As the sayings go, “We do not learn from experience … we learn from reflecting on experience,” and  “By seeking and blundering, we learn.” This is why sharing challenges and complicated cases in forums like Retinawesome 13 provides such an incredible opportunity to learn from each other. 

Of Giant Retinal Tears and Silicone Oil

Part 2 of our coverage begins from the edge of our seats as Dr. Athanasios Nikolakopoulos from Greece shared his case and video of treating a giant tear and noted the importance of differentiating between dialysis and giant retinal tears. He explained that giant tears are very difficult to treat, due the vitreous attached to the anterior flap, and different from dialysis which is a large tear with vitreous attached to the posterior flap. 

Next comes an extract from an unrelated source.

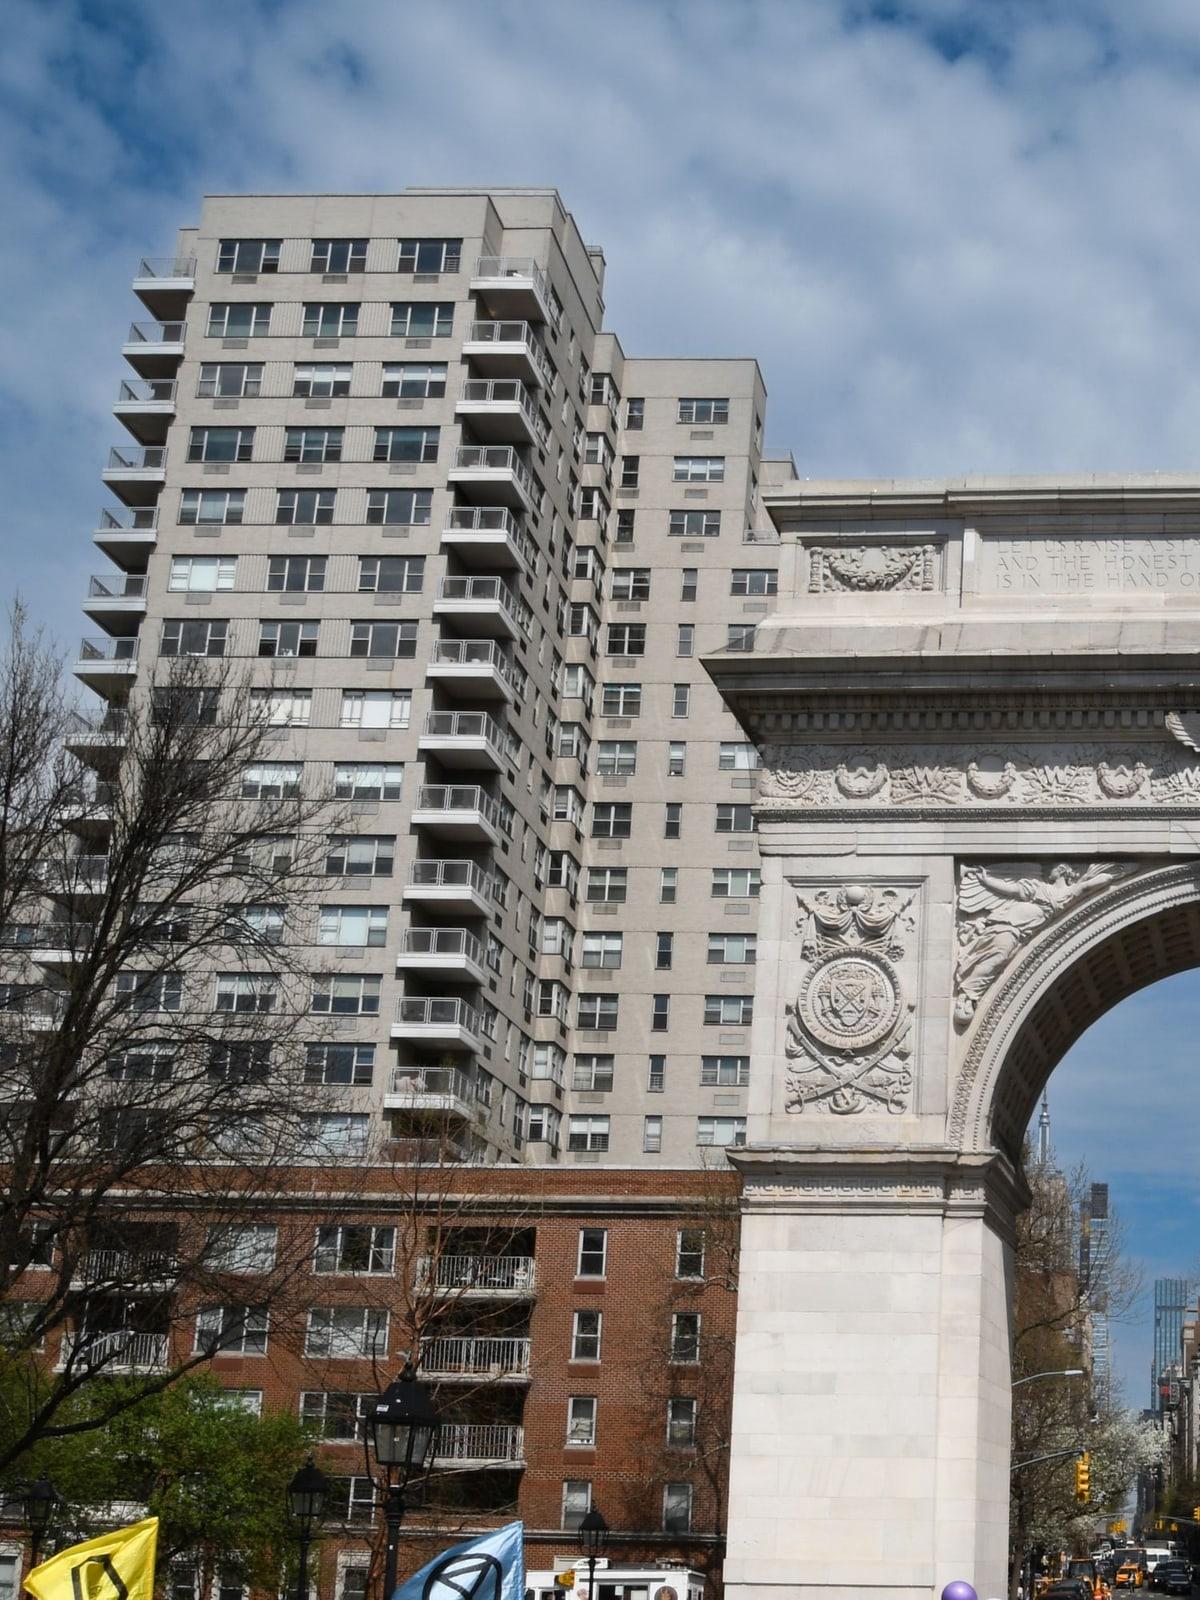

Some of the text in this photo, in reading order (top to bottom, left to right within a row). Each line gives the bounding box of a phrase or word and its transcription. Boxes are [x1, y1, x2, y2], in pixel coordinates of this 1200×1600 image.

Treatment of the two is also very different. Dr. Nikolakopoulos explained that the major difference is that a true giant tear is very difficult to fix due to the constant anterior traction, and often you need to remove the lens because the axis of the traction is just behind the lens. It progresses very fast to PVR stage, due to large exposure and radial extensions of the pigment epithelium. He adds that slippage can occur during the air exchange. Notably, a dialysis can easily sit on a 3 mm sponge, easily buckled without vitrectomy and a giant tear requires one of the most difficult surgical procedures. He always uses silicone oil for giant tears because it prevents hypotony, and prevents slippage.  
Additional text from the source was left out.